✒️ Dispatch No. 2025-05-29-WCC-Supervision-Threat
Filed Under: Retaliation by Email, Misuse of Procedure, Digital Coercion Series
Re: Ms Kirsty Hornal, Westminster Children’s Services
Subject Line: “Letter of Intent to Initiate Proceedings”
Date & Time of Offence: 29 May 2025, 11:14 BST
🎭 Threat Theatre, Act I: “Support and Assessment”
At precisely 11:14 on the morning of 29 May 2025, Ms Kirsty Hornal — Senior Practitioner at Westminster Children’s Services and repeat feature in our anthology of institutional misconduct — took it upon herself to author an electronic ultimatum, cunningly disguised as cooperative liaison.

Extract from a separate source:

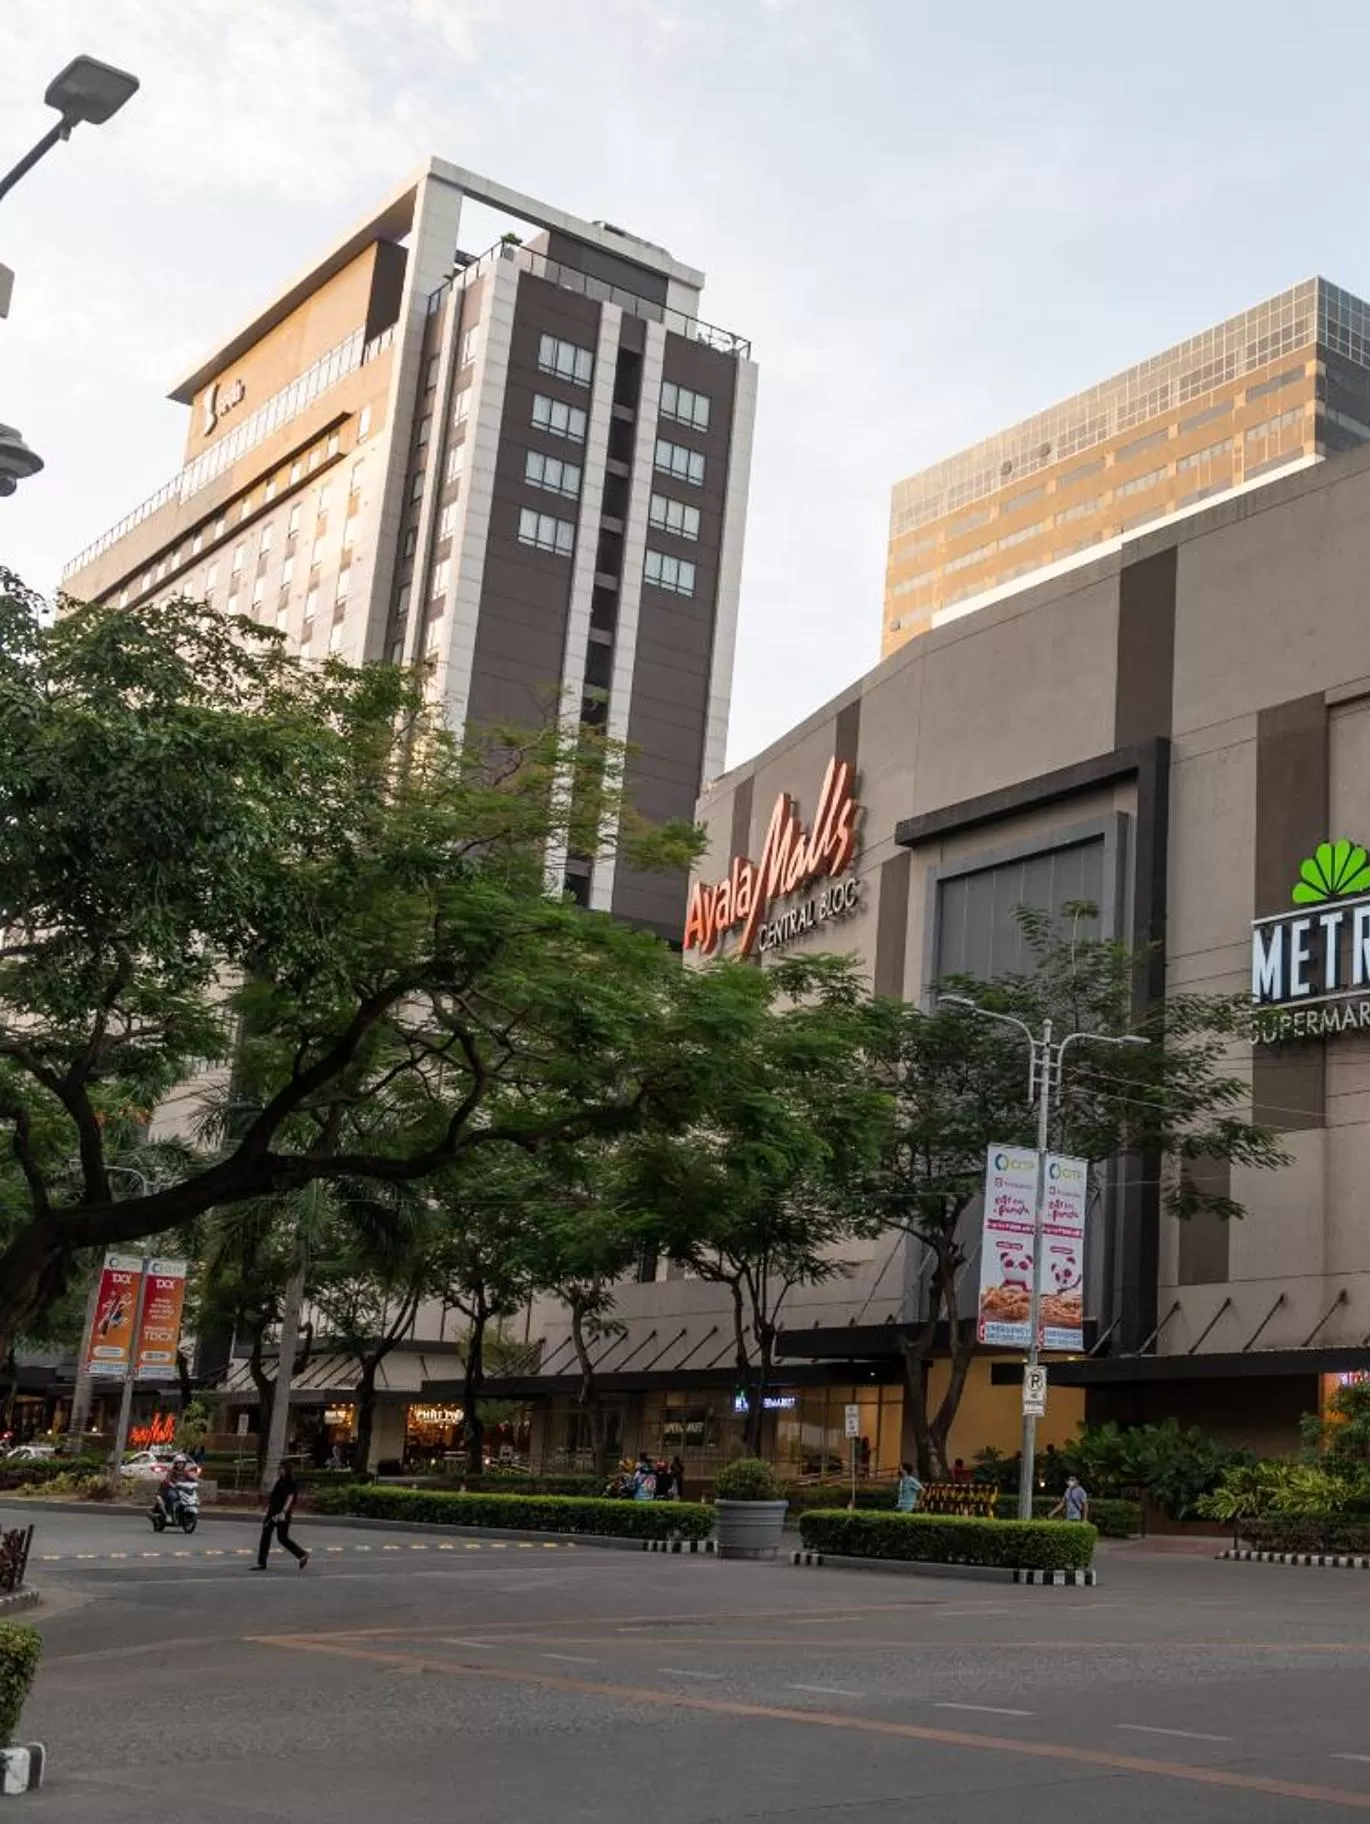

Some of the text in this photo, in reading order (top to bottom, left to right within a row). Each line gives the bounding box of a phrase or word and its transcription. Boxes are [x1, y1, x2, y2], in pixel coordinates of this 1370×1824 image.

[684, 755, 857, 961] Ayala Malls
[759, 877, 861, 950] CENTRAL BLOC
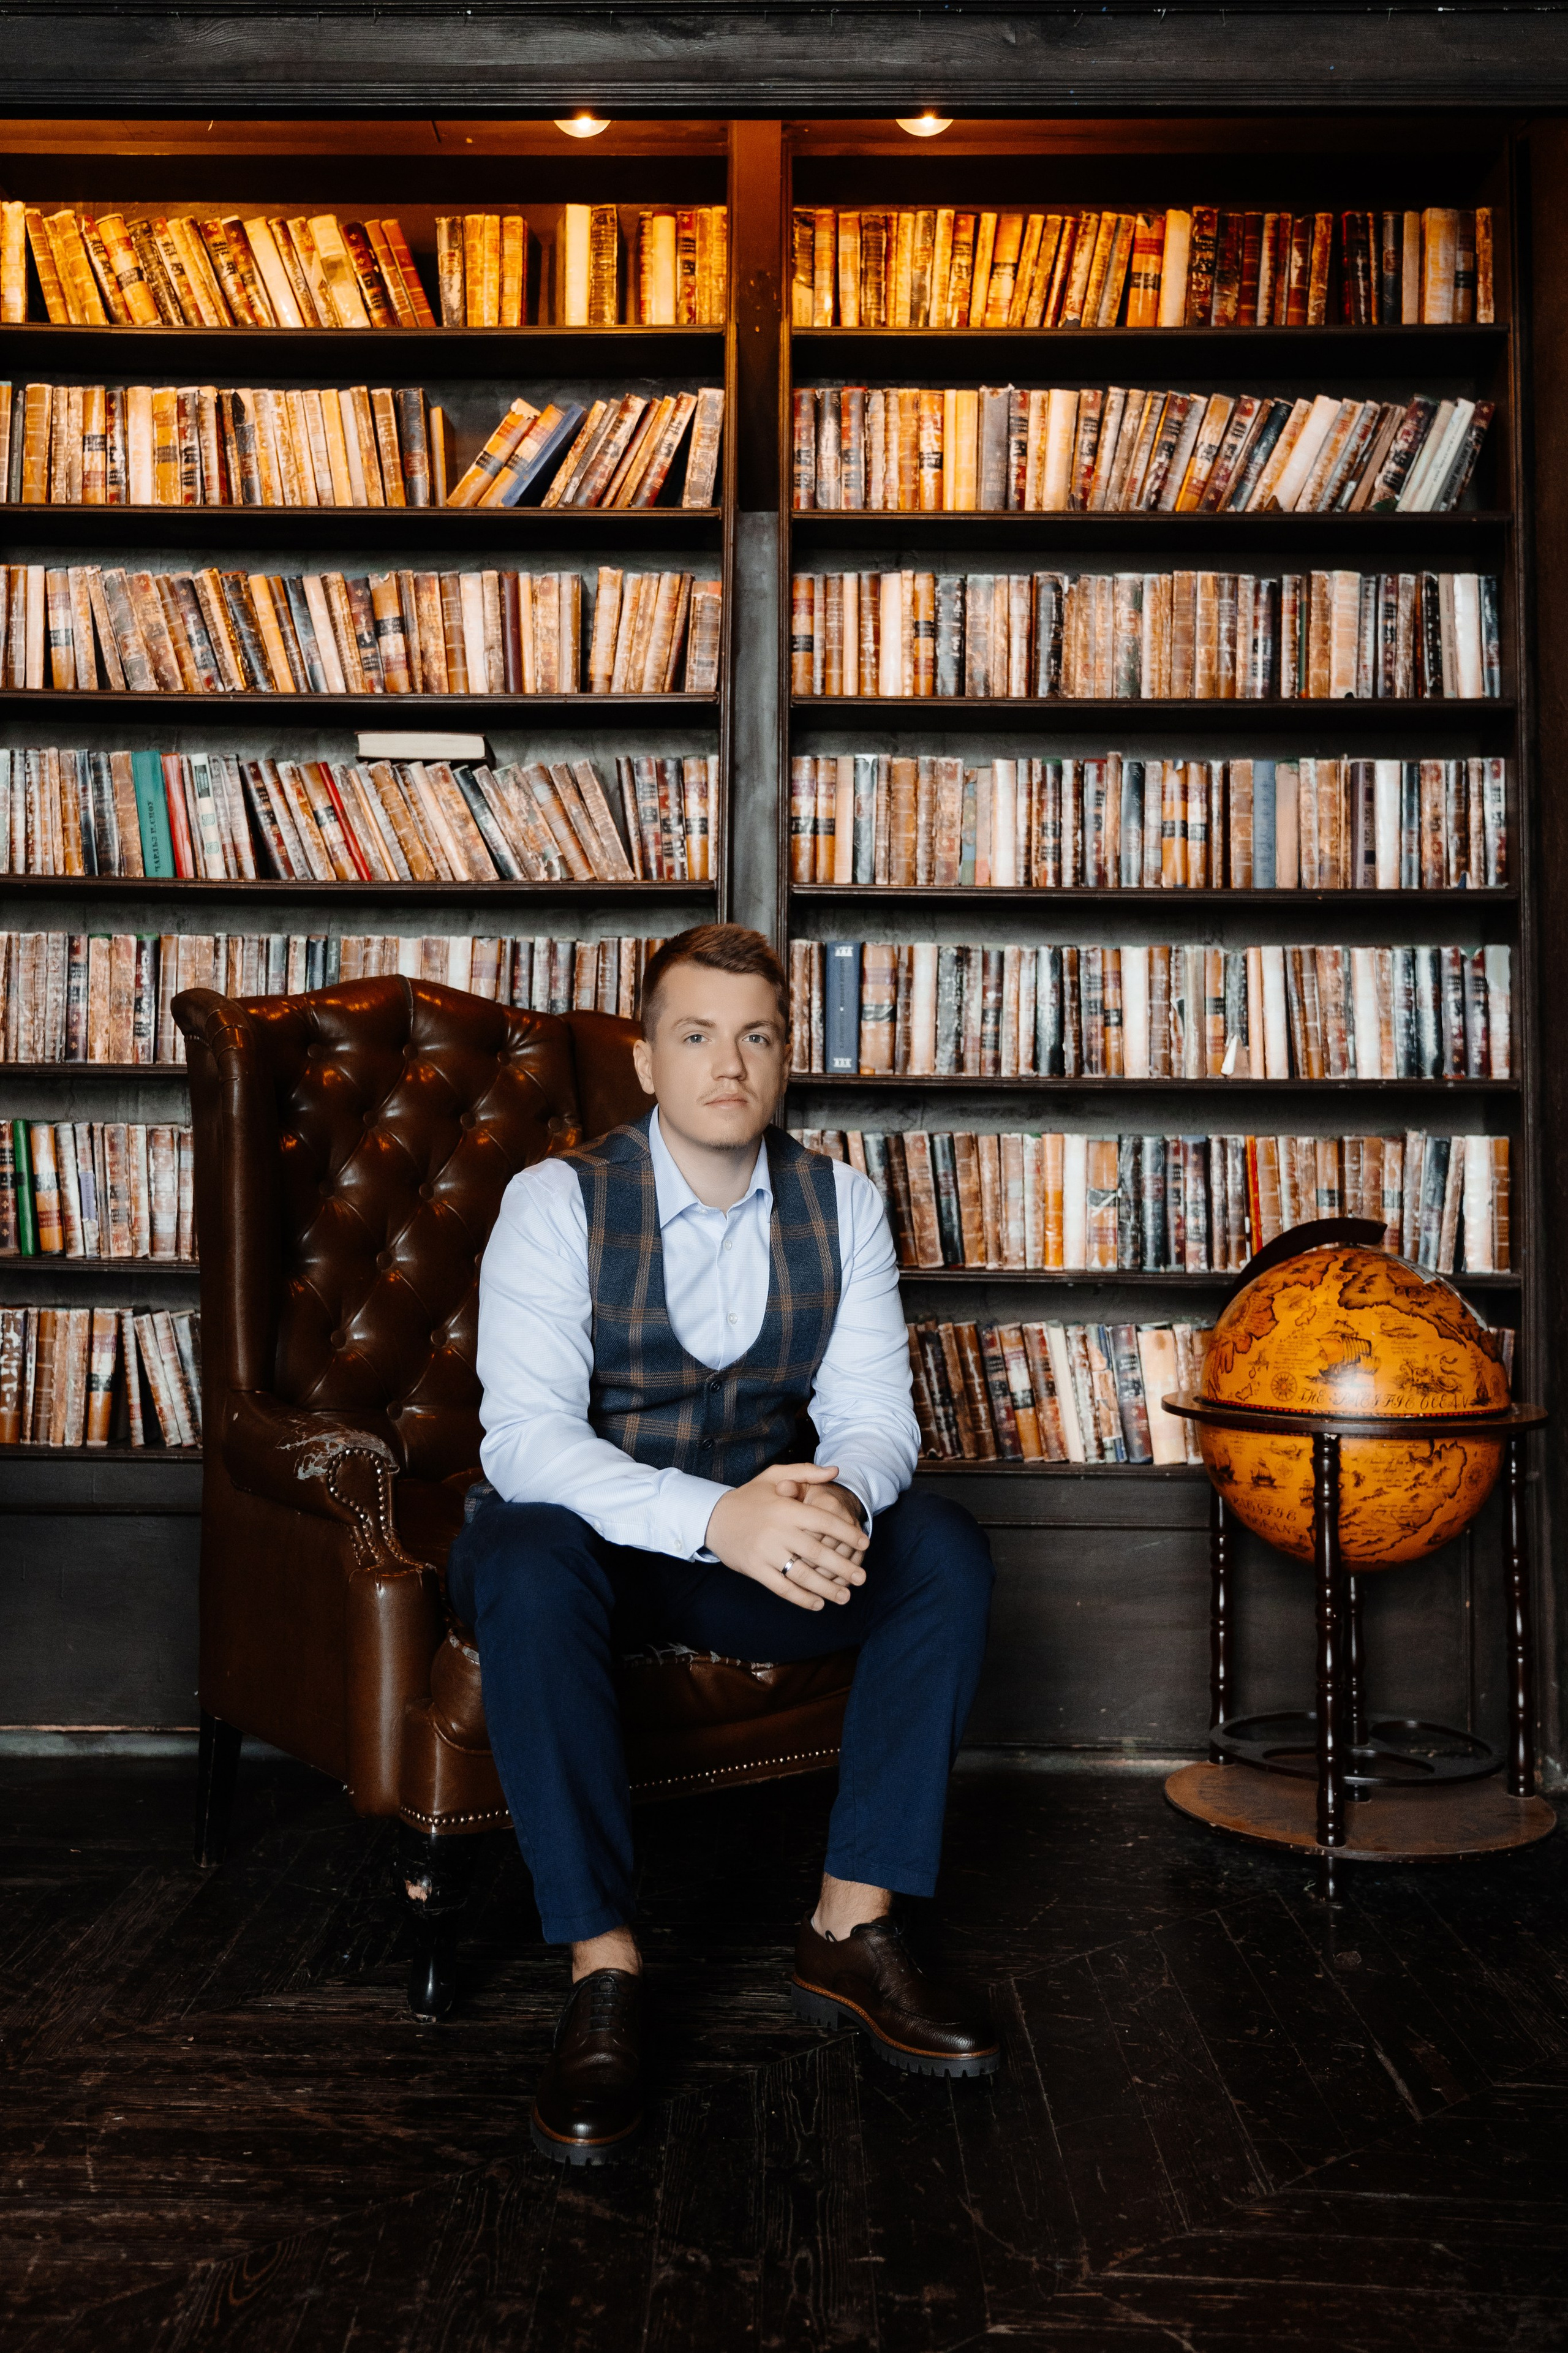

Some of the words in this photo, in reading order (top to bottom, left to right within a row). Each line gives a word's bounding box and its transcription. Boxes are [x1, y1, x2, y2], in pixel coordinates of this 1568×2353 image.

Under the genteel veneer of “support and assessment,” Ms Hornal announced the Council’s alleged intention to pursue a Supervision Order over four named children: Regal, Prerogative, Kingdom, and Heir — an invocation so absurdly theatrical it could only be sincere in its threat.
The pretext? A letter “outlining concerns.”
The timing? Remarkably aligned with SWANK’s legal proceedings.
The delivery? Pastel and polite, but seething with bureaucratic menace.
🩺 Disability? What Disability.
A Written Communication Policy is, and has long been, in place.
It is formal, enforceable, and medically mandated.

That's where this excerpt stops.